> [ACTIVITY] Verbatim repeat, images excluded. Give each entry again as written.

> [RECORD EXCERPTS]
== Segment start ==

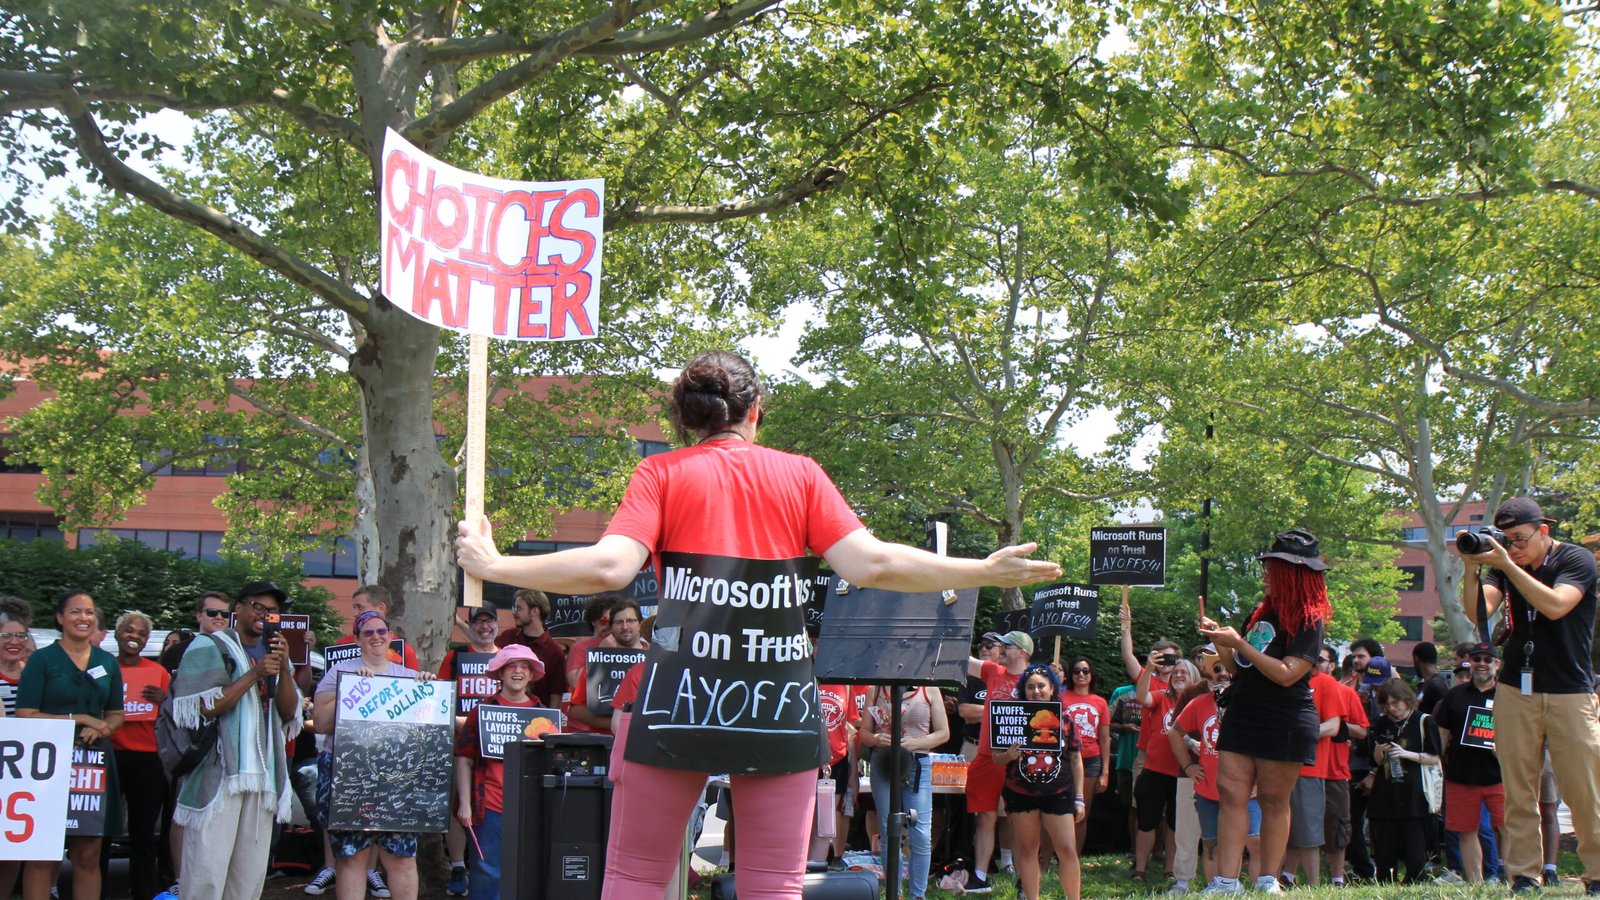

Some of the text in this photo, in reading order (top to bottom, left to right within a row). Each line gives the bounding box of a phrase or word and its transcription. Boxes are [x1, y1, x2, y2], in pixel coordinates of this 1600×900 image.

[385, 149, 600, 276] CHOICES
[386, 221, 595, 339] MATTER
[1092, 531, 1163, 540] Microsoft Runs
[1121, 545, 1146, 554] Trust
[664, 567, 792, 609] Microsoft
[1034, 586, 1098, 600] Microsoft Runs
[557, 597, 570, 606] on
[1044, 599, 1080, 609] on Trust
[281, 621, 294, 629] UNS
[692, 627, 809, 662] on Trust
[588, 651, 646, 663] Microsoft
[610, 670, 626, 679] on
[461, 678, 501, 694] FIGH
[341, 678, 372, 711] DEVS
[358, 679, 403, 718] BEFORE
[991, 705, 1031, 716] LAYOFFS...
[481, 710, 526, 723] LAYOFFS...
[995, 716, 1028, 726] LAYOFFS
[1475, 714, 1489, 722] THIS
[485, 722, 522, 734] LAYOFFS
[999, 725, 1024, 735] NEVER
[490, 733, 517, 744] NEVER
[996, 736, 1028, 746] CHANGE
[487, 744, 504, 754] CHA
[87, 750, 105, 764] WE
[70, 794, 101, 812] WIN
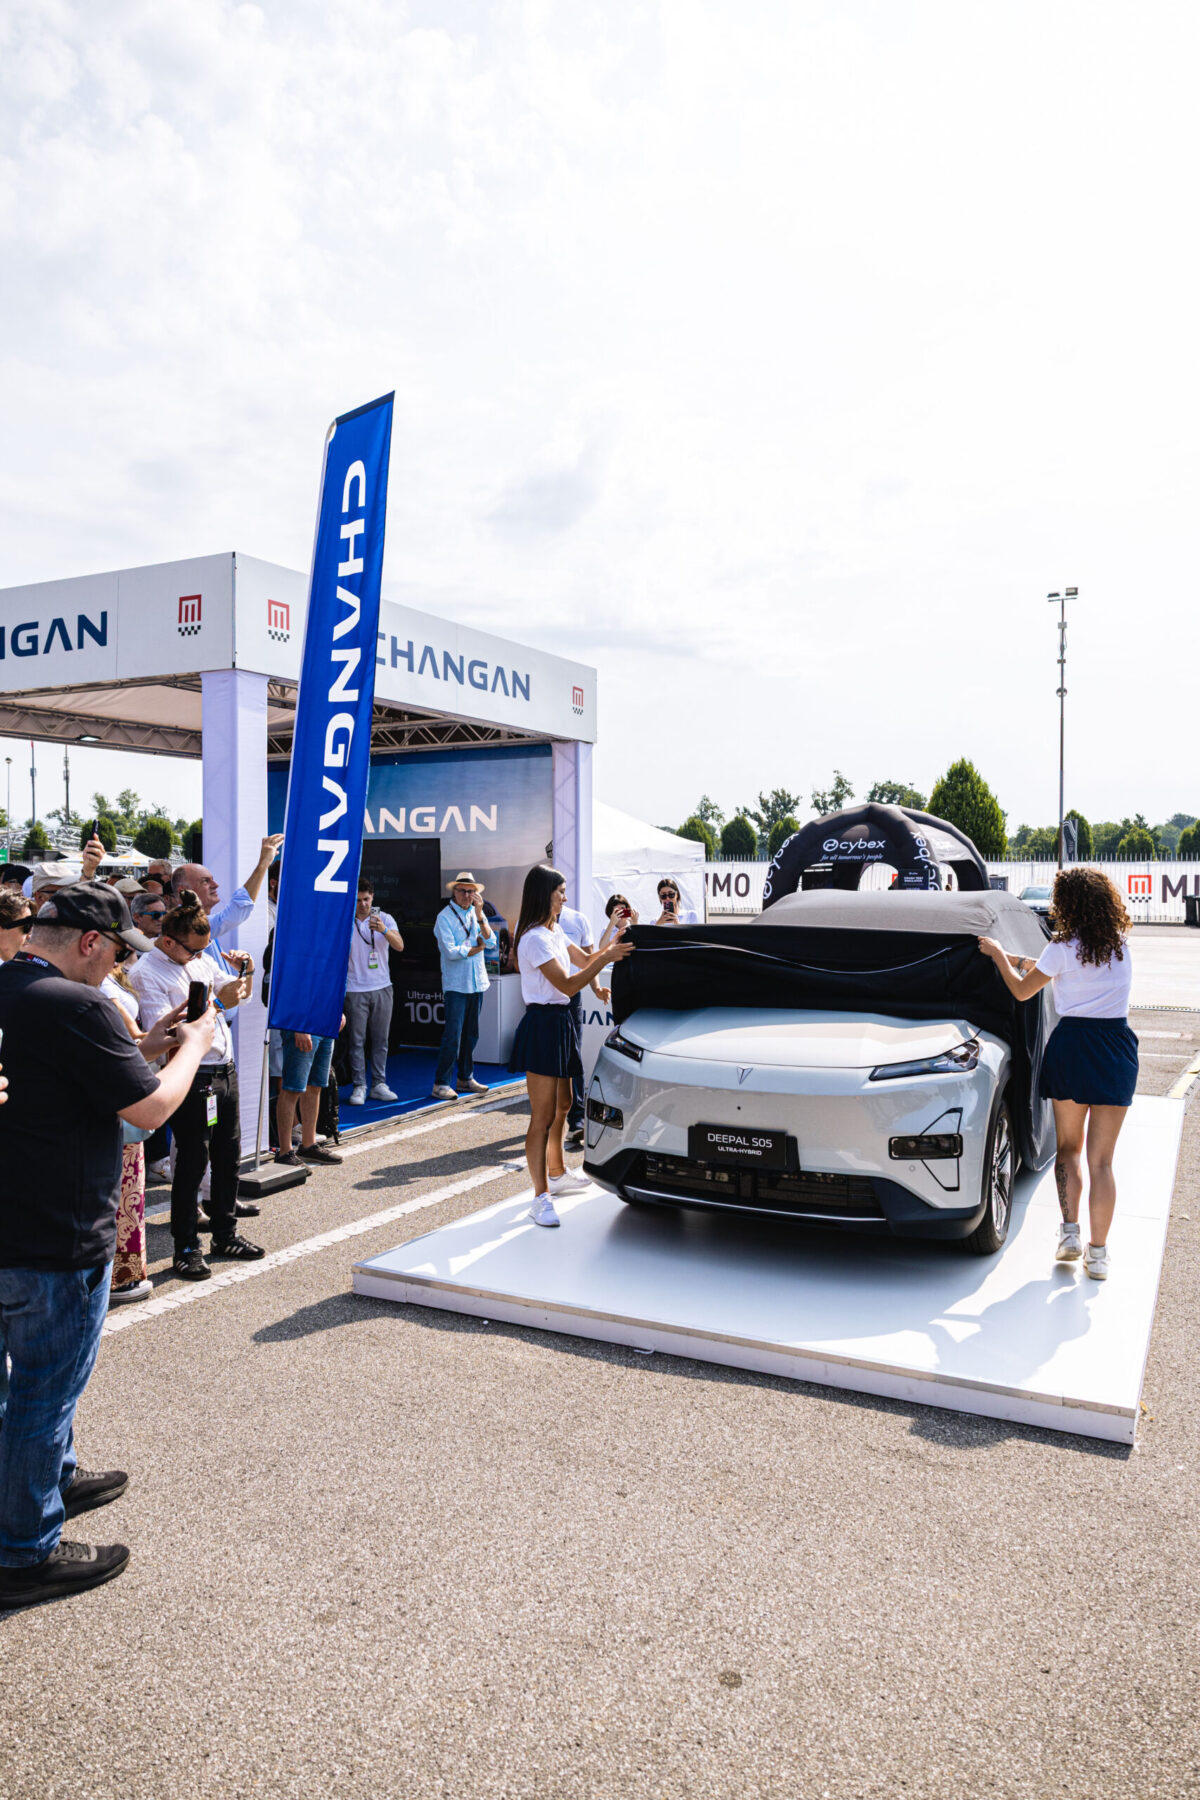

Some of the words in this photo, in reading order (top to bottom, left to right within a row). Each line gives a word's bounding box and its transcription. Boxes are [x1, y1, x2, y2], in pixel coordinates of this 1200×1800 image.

== Segment end ==

> [SOLUTION FOR THIS PROBLEM]
Some of the text in this photo, in reading order (top to bottom, left to right within a row). Each line gives the bounding box of a phrase or word and its transcription. Boxes are [x1, y1, x2, y2], in pixel coordinates of this 1600×900 image.

[385, 149, 600, 276] CHOICES
[386, 221, 595, 339] MATTER
[1092, 531, 1163, 540] Microsoft Runs
[1121, 545, 1146, 554] Trust
[664, 567, 792, 609] Microsoft
[1034, 586, 1098, 600] Microsoft Runs
[557, 597, 570, 606] on
[1044, 599, 1080, 609] on Trust
[281, 621, 294, 629] UNS
[692, 627, 809, 662] on Trust
[588, 651, 646, 663] Microsoft
[610, 670, 626, 679] on
[461, 678, 501, 694] FIGH
[341, 678, 372, 711] DEVS
[358, 679, 403, 718] BEFORE
[991, 705, 1031, 716] LAYOFFS...
[481, 710, 526, 723] LAYOFFS...
[995, 716, 1028, 726] LAYOFFS
[1475, 714, 1489, 722] THIS
[485, 722, 522, 734] LAYOFFS
[999, 725, 1024, 735] NEVER
[490, 733, 517, 744] NEVER
[996, 736, 1028, 746] CHANGE
[487, 744, 504, 754] CHA
[87, 750, 105, 764] WE
[70, 794, 101, 812] WIN

Some of the words in this photo, in reading order (top to bottom, left to right within a row). Each line gives a word's bounding box and its transcription. Boxes are [x1, y1, x2, y2], in pixel coordinates of this 1200×1800 image.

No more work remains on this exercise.